What is the last non-zero digit of $((\dots(((1!)!+2!)!+3!)!+\dots)!+1992!)!$?

100 Views Asked by Bumbble Comm At 02 Apr 2026 - 6:23

Clarification of the given expression:

Let $A_1=(1!)!$

To get $A_2$, we add $2!$ to $A_1$ then we take the factorial of that expression. So, $A_2=((1!)!+2!)!$

To get $A_3$, we add $3!$ to $A_2$ then we take the factorial of that expression. So, $A_3=(((1!)!+2!)!+3!)!$

To get $A_4$, we add $4!$ to $A_3$ then we take the factorial of that expression. So, $A_4=((((1!)!+2!)!+3!)!+4!)!$

and so on.

Now we need to find the last non-zero digit of $A_{1992}$. I am not asking for a solution, but asking for some hints how shall I begin.

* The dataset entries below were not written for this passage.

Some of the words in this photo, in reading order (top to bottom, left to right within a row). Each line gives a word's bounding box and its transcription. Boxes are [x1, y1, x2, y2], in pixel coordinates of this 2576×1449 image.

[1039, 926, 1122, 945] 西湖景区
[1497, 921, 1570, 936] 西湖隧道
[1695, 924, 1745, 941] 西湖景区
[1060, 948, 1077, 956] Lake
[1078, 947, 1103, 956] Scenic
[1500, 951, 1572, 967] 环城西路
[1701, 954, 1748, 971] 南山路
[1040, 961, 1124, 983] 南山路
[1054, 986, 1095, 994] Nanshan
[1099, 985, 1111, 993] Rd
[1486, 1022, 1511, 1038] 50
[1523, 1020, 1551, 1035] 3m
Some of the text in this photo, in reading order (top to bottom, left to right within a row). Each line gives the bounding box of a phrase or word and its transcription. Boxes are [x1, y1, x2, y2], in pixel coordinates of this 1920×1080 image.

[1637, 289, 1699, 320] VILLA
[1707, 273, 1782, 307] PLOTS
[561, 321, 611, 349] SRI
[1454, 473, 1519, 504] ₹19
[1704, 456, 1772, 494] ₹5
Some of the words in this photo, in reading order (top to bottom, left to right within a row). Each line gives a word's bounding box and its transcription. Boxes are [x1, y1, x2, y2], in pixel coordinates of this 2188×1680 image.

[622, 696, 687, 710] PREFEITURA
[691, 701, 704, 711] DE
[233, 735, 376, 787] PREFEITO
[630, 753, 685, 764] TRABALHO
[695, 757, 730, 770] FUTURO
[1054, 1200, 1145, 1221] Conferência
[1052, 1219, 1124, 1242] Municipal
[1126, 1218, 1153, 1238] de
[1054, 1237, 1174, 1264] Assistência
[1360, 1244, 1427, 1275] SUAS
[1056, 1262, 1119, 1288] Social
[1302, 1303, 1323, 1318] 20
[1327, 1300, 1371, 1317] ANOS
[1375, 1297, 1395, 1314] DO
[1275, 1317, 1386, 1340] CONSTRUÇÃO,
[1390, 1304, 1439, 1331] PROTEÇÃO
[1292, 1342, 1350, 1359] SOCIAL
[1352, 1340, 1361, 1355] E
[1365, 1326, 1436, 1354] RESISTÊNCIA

Your help would be appreciated. THANKS.

There are 1 best solutions below

Bumbble Comm On 06 Jan 2021 - 1:16

Let $a_n$ denote the last nonzero digit of $n!$; we need only consider $n\ge5$.

Prove $a_n\in S:=\{2,\,4,\,6,\,8\}$.
Prove $a_{10k+5}=a_{10k+14}$.
Determine the order of the permutation $\sigma$ of $S$ for which $a_{10k+15}=\sigma(a_{10k+14})$.
Find a fairly small upper bound $p$ on the period of $a_n$.
Convince yourself $a_p,\,\cdots,\,a_{2p-1}$ is a period.
Explain why the original problem's answer is $a_p$, then compute it.